The second kind of deep stops he described were ones "popular in the early days of technical diving," and sound to me like adding a Pyle stop to a profile and then doing more deco shallower to account for the greater time spent at an intermediate depth.

The last one sound like a VPM-B profile where the stops are distributed much deeper than a Buhlmann profile, and the shallow stops are significantly shorter as well, which in his view was not inherently safer than a traditional profile based on recent experiments (I assume the NEDU one is part of that rationale).

Anyway, this is not a deep vs. shallow stops thread. The thing that I found interesting is the suggestion that one or a few intermediate stops before getting to the algorithm-prescribed shallower stops was potentially safer than a traditional Buhlmann profile, provided you complete additional deco to account for your time at an intermediate depth. At least this is how I interpret this part of the interview.

This would seem to be a profile like one in Blatteau, et al.'s paper in the 2008 UHMS Deep Stops Workshop (pg. 195) that showed that experimental profile 4 (EAP 4) followed the exact same profile as dissolved-gas model would predict, but added a 2-min intermediate stop at 25 msw after a 60 msw dive on air for 15 min. However, Blatteau's paper indicates no beneficial effect for this profile vs. the standard dissolved-gas profile. It states "our schedules didn't find the compromise between high gas elimination and low supersaturation to minimize bubble formation." On the other hand, in the discussion of this study published in Aviat Space Environ Med 2005; 76:490 –2, they say "deep stops might have worked better if we had also increased the duration of shallow stops." That seems to support David's response in the interview, though this study doesn't have any data to support the assertion. And this study is about bubble scores, not DCS outcomes, so the link to safety is not firm.

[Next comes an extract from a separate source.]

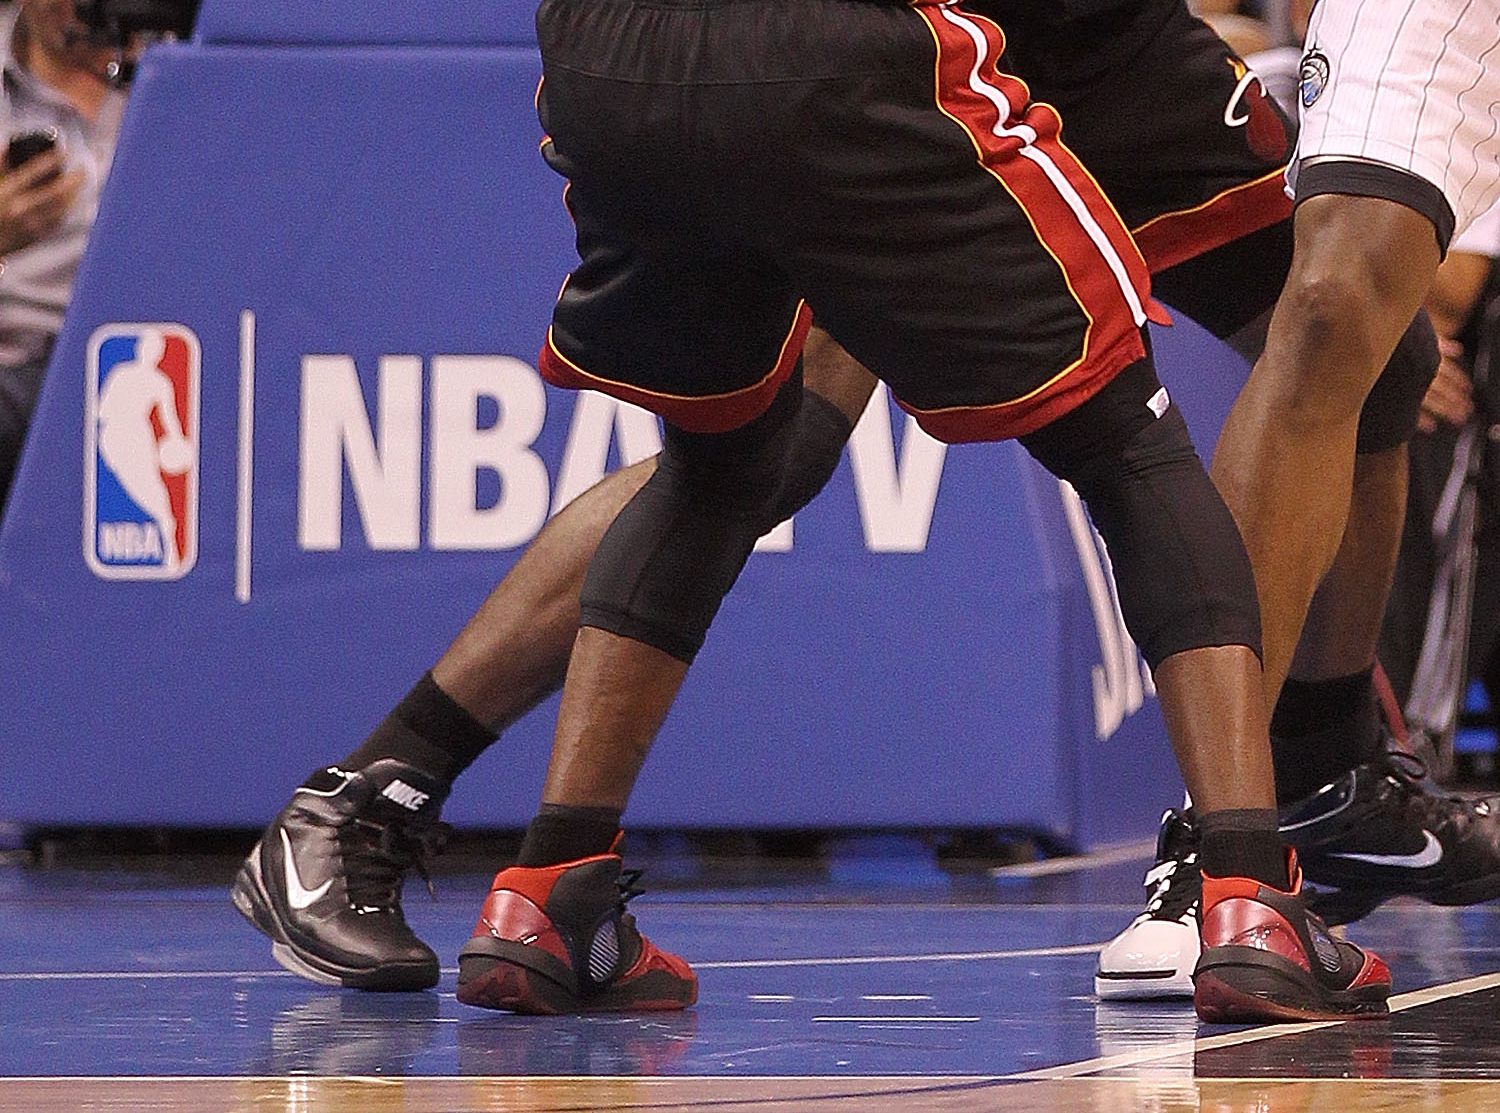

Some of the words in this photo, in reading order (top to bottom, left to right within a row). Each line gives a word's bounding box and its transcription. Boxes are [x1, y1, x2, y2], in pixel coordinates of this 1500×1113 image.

[752, 378, 949, 554] V
[101, 522, 161, 563] NBA
[382, 778, 430, 812] NIKE

Importantly, they followed the same deco profile for the standard table and the one that added an extra 2-min stop at 25 msw, rather than adding on some additional deco as would be expected. For me, it intuitively makes sense that an intermediate stop before you hit your shallow stops on a Buhlmann profile would be better for the fast tissues, but that you would also incur additional deco time because while you're giving the fast tissues a brief chance to washout, you're also still on-gassing the slower tissues, depending of depth and the amount of intert gas already absorbed.

As some anecdotal evidence, I was recently doing some dives on a deco profile I don't normally do, where we dived to about 180ft for 20 min. For our deco, we moved some time to deeper stops around 70ft, then thinned out the intermediate stops working our way up to the 30ft, 20ft, and 10ft stops, where we did a good amount of shallow deco inline with what I would expect from a Buhlmann profile. These profiles had us feeling pretty good after, but I can't say I felt dramatically better than had I run a (for me) normal profile. They were also short exposures. What seems clear of course in all this is that we've arrived at a place where we can effectively repeat technical dives in a safe manner using many different profiles and that further improvement likely would have marginal impact.
 
Anyway, this is not a deep vs. shallow stops thread. The thing that I found interesting is the suggestion that one or a few intermediate stops before getting to the algorithm-prescribed shallower stops was potentially safer than a traditional Buhlmann profile, provided you complete additional deco to account for your time at an intermediate depth. At least this is how I interpret this part of the interview.

David is a member here on Scubaboard so he can probably explain it better than I can but the study was done by NEDU and was intended to compare the relative safety of Buhlmann versus a particular bubble model.

What they discovered is that redistribution of the stops to a deeper depth resulted in more cases of DCS. The conclusion isn't necessarily that deep stops are bad but that the assumption that redistributing time deeper should allow for shorter shallow stops is incorrect.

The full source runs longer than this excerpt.